The Role of the Corporation in Society
Robert G. Eccles and George Serafeim
Classical financial economic theory defines the role of the corporation to be shareholder value maximization. According to this view, meeting the needs of other stakeholders along social and environmental dimensions should only be done if it contributes to creating shareholder value. Making these decisions assumes that the information is available for doing the necessary analysis and that management and shareholders have the same risk profiles and time frames for value creation. However, this classic view of the corporation is coming under pressure as the government and civil society are increasingly interested in the role companies should play in contributing to environmental and social sustainability. They are essentially arguing for a multi-stakeholder view which does not take the primacy of one particular type of stakeholder, shareholders, as a given. Others argue that, with a sufficiently long-term view, no tradeoffs need to be made since value can only be created for shareholders if the company is not destroying value for other stakeholders.

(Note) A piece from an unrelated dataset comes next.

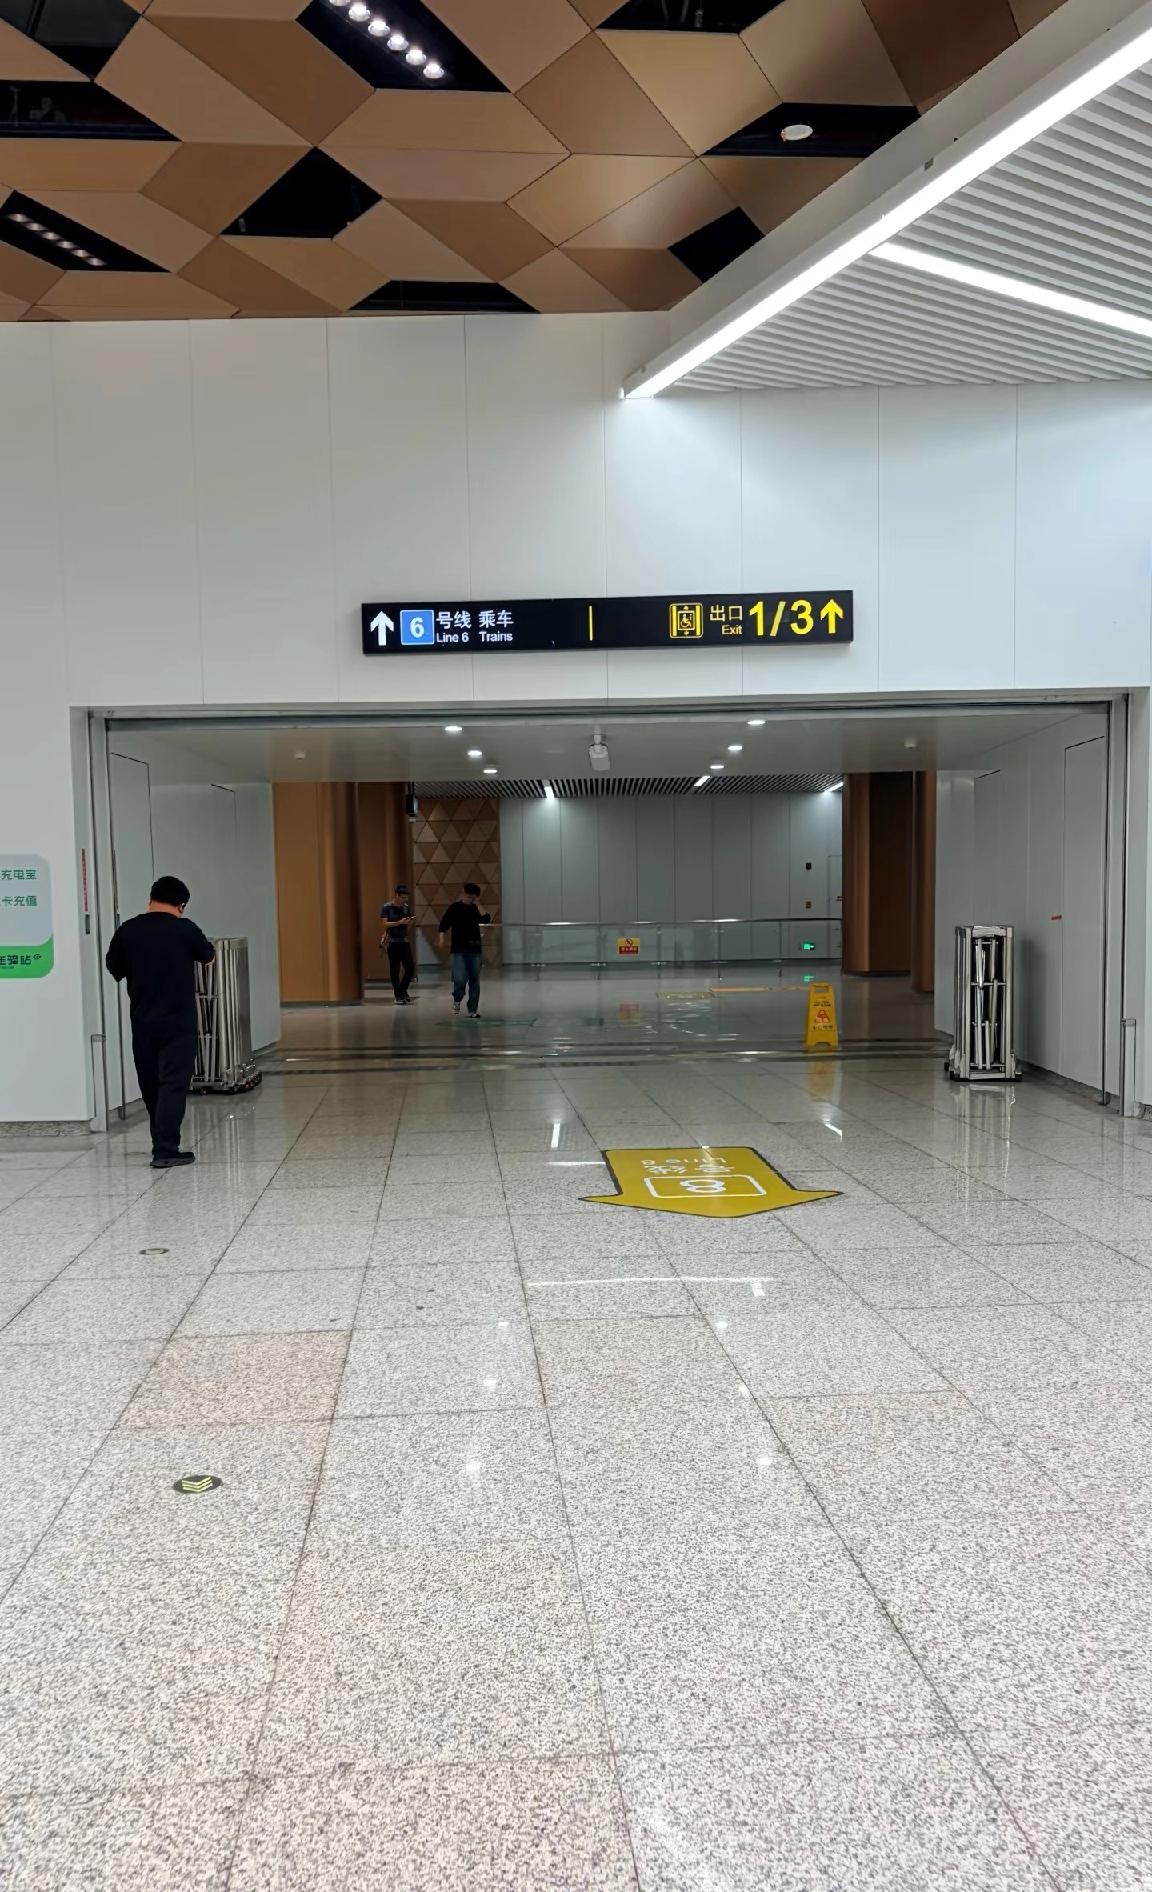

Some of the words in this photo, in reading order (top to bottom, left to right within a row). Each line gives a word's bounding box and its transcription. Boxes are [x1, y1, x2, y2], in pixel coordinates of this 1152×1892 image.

Globalization, recurring crises in the world's capital markets, and the failure of companies to adequately manage risk are also contributing to a growing debate about the role corporations should have in society today. We are at the early stages of even framing the discussion. The purpose of this doctoral seminar is to first put some structure to the debate and second to pose alternative models to the dominant one in place today. The seminar is a broad and interdisciplinary one with readings from a variety of fields and disciplines. Each student will write a paper on a topic of their choice that is intended to help them set a research agenda that will lead to a published article in a refereed journal.
Prerequisite: This seminar is primarily for graduate students, who are in or beyond their second year of study.